Indigenous people’s histories are often willfully forgotten or erased because forgetting is easier than reckoning with white America’s history of genocide. Colonization killed so many people that it changed the Earth’s climate. We have stories about it, about how the Earth seemed to shift after white people came. The violence from that genocide survives in slurs. There is only one type of Indian in the white American psyche: the relic, the Indian in the headdress, the Redskin.
But it’s important that you see us as we are now. Dahkota Kicking Bear Brown, a young indigenous activist, explained in a 2014 interview how he’d been hurt by this team name. His high school’s rivals, he said, were named the Calaveras Redskins. As Brown recalled, “I have heard my own friends yelling around me: ‘Kill the Redskins! Or, ‘Send them on the Trail of Tears!’“
I am hurt by the team name. It’s the kind of hurt that is hard to name. On one side, I see indigenous men who have told me that “there are bigger fish to fry” when I criticize team names, or mascots, or women in headdresses on Halloween or at Coachella. This response always leaves me taken aback; it’s interesting that any man could look at me and my career, and imagine I don’t know what to pay attention to or talk about. I made an entire career out of knowing what to look at. That’s what writers do. And I’ve helped out whole families back home in the process. I know what I’m doing. These are men who believe you can’t have a discussion about indigenous sovereignty or “real” Native issues when we’re being distracted by you, or by women at Coachella, or by Cher wearing a headdress, or by Elizabeth Warren. Some people don’t understand that we know how to gauge the impact of a racist threat against us. As indigenous women, we have to assess these things to survive, daily, in the world.
On another side, from non-Natives, we are told that we’re being divisive for criticizing women like you.
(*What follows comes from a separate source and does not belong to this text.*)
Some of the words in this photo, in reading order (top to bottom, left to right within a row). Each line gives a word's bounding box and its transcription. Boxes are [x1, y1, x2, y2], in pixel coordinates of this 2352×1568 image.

We’re often assured that people like you have the best intentions—to not be racist, or sexist, or cruel to anyone. We’re chided for taking offense when there are “bigger fish to fry.” People attack us for saying we have a problem with anything racist a liberal does—because our needs often come last on the scale of liberal goals for progress.
It’s frustrating. I know you know about frustration. I imagine your work with #MeToo is often frustrating, that you’re probably often criticized for being divisive, or told that the careers of some men are more important than their transgressions.
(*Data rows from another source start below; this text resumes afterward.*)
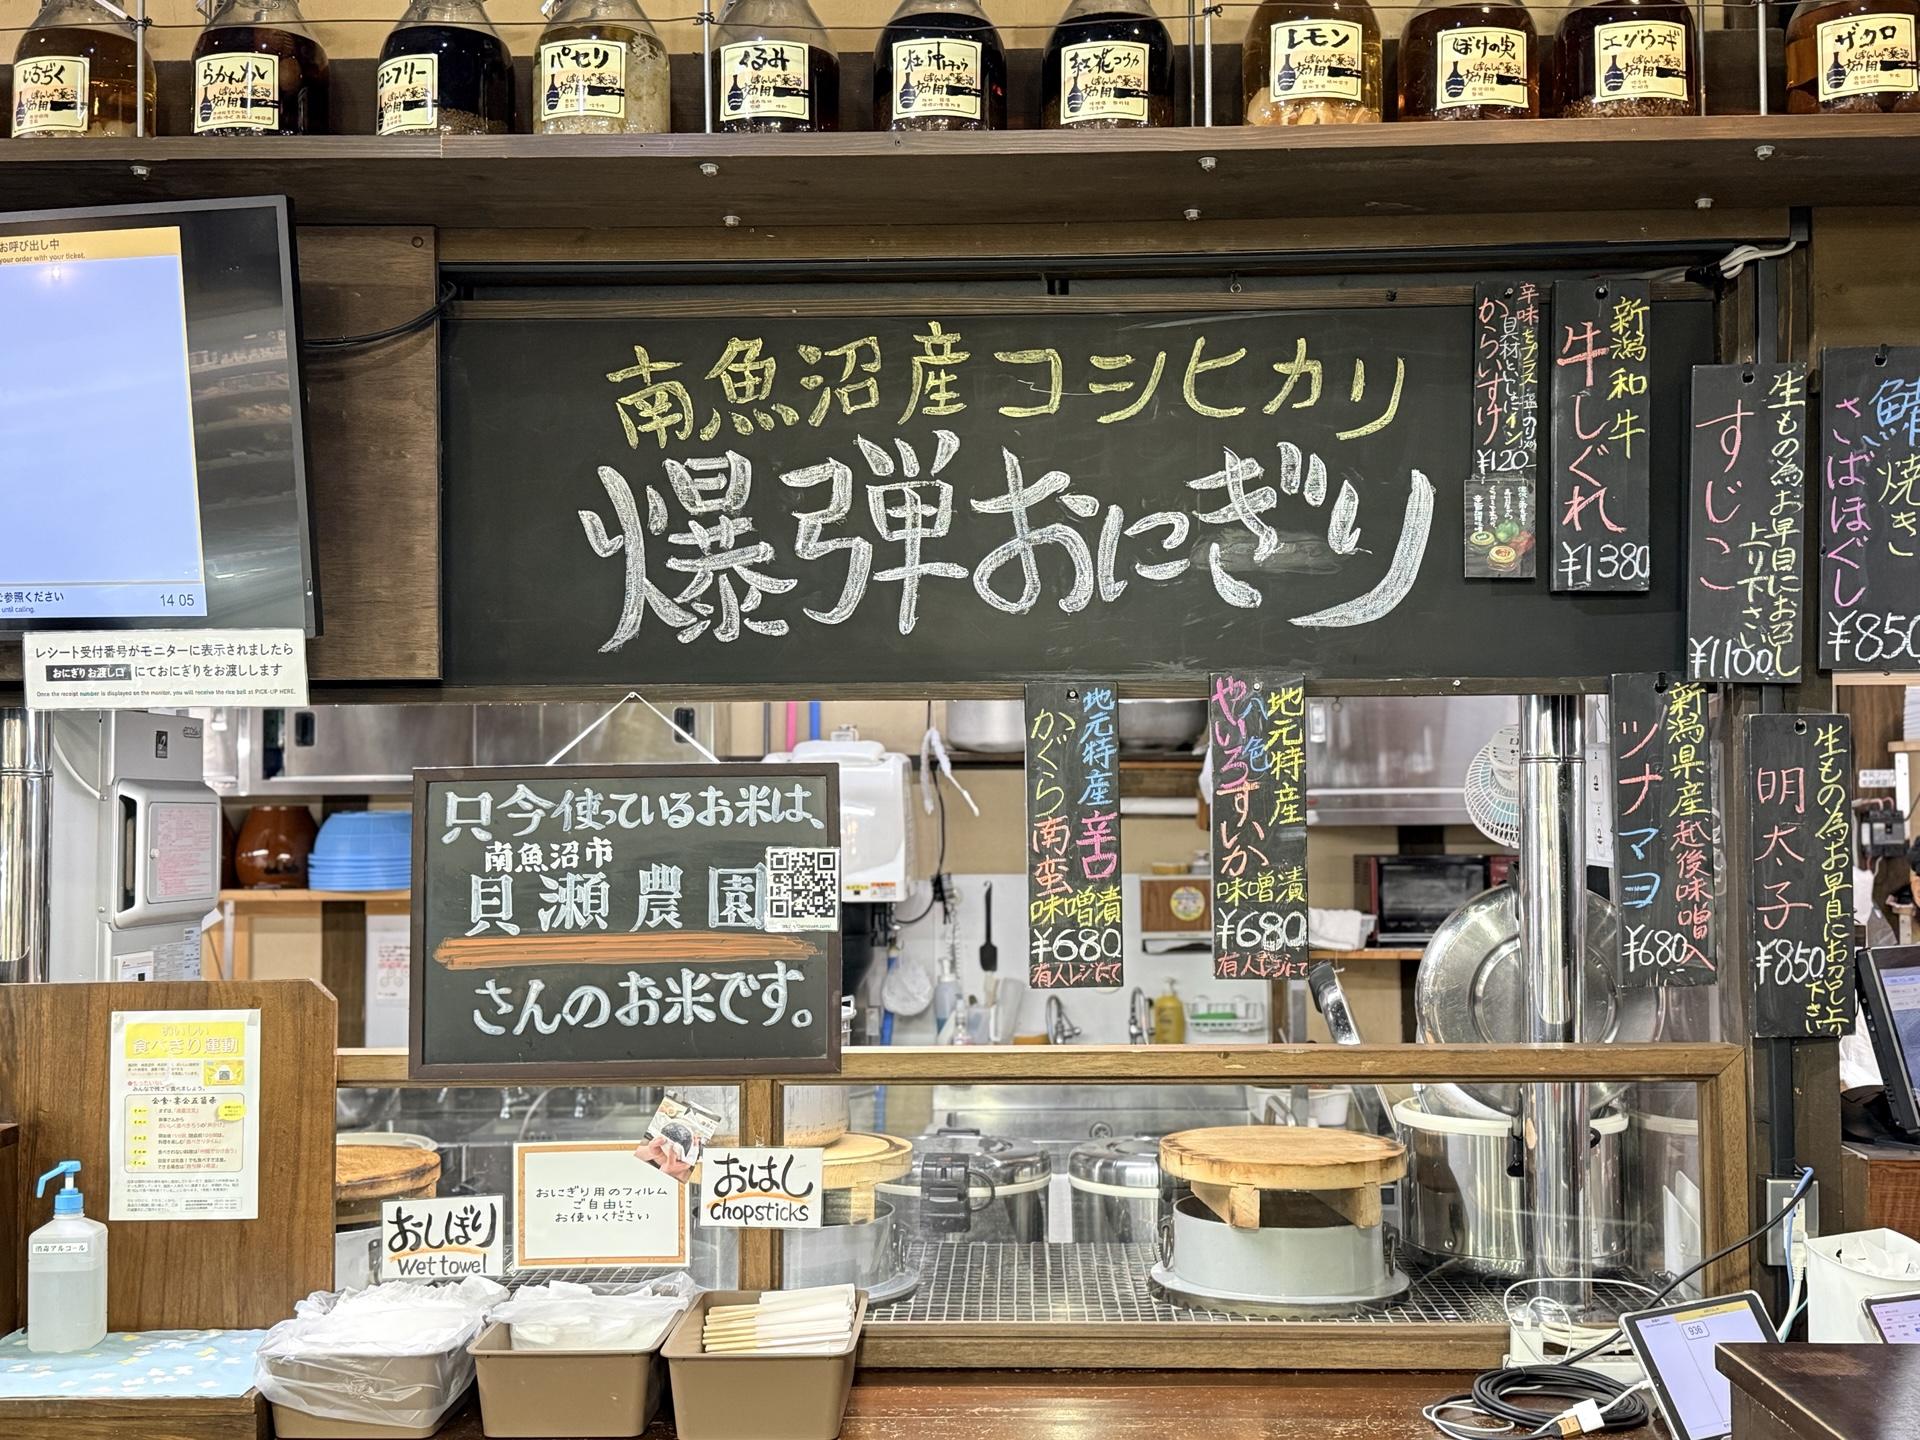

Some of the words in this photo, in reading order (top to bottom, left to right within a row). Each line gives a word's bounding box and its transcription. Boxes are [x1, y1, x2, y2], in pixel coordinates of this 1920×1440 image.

[550, 46, 609, 69] パセリ
[1287, 28, 1349, 49] レモン
[1453, 34, 1516, 60] ぼけの実
[1602, 29, 1680, 51] エゾウコギ
[1835, 23, 1897, 51] ザクロ
[739, 47, 790, 71] くるみ
[0, 238, 59, 252] お呼び出し中
[606, 321, 1405, 449] 南魚沼産コシヒカリ
[1477, 297, 1508, 446] からいすけ
[1607, 296, 1650, 460] 新潟和牛
[1556, 321, 1628, 533] 牛しぐれ
[1696, 399, 1755, 591] すじこ
[1827, 397, 1876, 608] さばほぐし
[578, 430, 1436, 653] 爆弾おにぎり
[35, 643, 294, 659] レシート受付番号がモニターに表示されましたら
[52, 667, 86, 679] おにぎり
[134, 663, 283, 678] にておにぎりをお渡しします
[107, 690, 132, 698] displayed
[195, 689, 214, 697] receive
[216, 688, 224, 696] the
[225, 688, 235, 696] rice
[1241, 698, 1273, 772] 八色
[1211, 676, 1270, 877] やいろすいか
[1264, 687, 1306, 827] 地元特産
[441, 784, 825, 844] 只今使っているお米は、
[1031, 708, 1077, 896] かぐら南蛮
[1618, 721, 1664, 909] ツナマヨ
[484, 836, 614, 873] 南魚沼市
[1754, 767, 1813, 931] 明太子
[464, 863, 767, 937] 貝瀬農園
[1030, 885, 1123, 928] 味噌漬
[1217, 866, 1309, 906] 味噌漬
[1031, 926, 1122, 963] ¥680
[1216, 907, 1308, 951] ¥680
[473, 960, 814, 1036] さんのお米です。
[134, 1037, 240, 1056] 食べきり運動
[536, 1185, 668, 1198] おにぎり用のフィルム
[714, 1153, 814, 1199] おはし
[554, 1210, 650, 1222] お使いください
[573, 1198, 633, 1210] ご自由に
[388, 1203, 498, 1252] おしぼり
[440, 1253, 487, 1276] towel
[1687, 1325, 1704, 1336] 936
I believe that people who have done racist things don’t wish to acknowledge those things because it might make them bad, when they clearly know they are good. I think that such denial can be more dangerous than the transgressions themselves.
My mother has said that society operates like an abuser in denial. I know you are aware of how Indians take a beating from society. I think you can help. We have more connective tissue than people think. The problem is racism. Racism divides—not Twitter antics or political correctness. It’s white supremacy that divides and hurts.
You appeared in the “Stop Violence Against Women” public-service announcement, which aired during the recent Surviving R. Kelly docuseries, where Tarana Burke said, “All women deserve to be free from violence, sexual assault, and shame.” I’d like you to see the violence and shame in what you, yourself, have perpetuated against indigenous people. You wore a slur across your chest.
When you tweeted that the #MAGA hat was the new white hood, you weren’t wrong, but hypocritical. If you see the racism in a #MAGA hat, you should also be able to see the racist slur on a product that you’re profiting from. White supremacy is all around us, in symbols beyond Trump memorabilia. It’s on the border, where Indians pass every day, with the knowledge that we were here before the division. It’s in the White House, where portraits hang of men who forcibly removed Indians from land and made them march to their death; who enslaved people with full lives, families, and souls. That history is largely unwritten and untaught in American schools, which means that history textbooks remain symbols of subjugation too. It’s in the bakery, where people make “Squaw Bread.” It’s at The Spunky Squaw Boutique. It’s at Target, where they sell a children’s Redskins costume.
Now that you see this all more clearly, what will you do to create a safer environment for the people you say you support?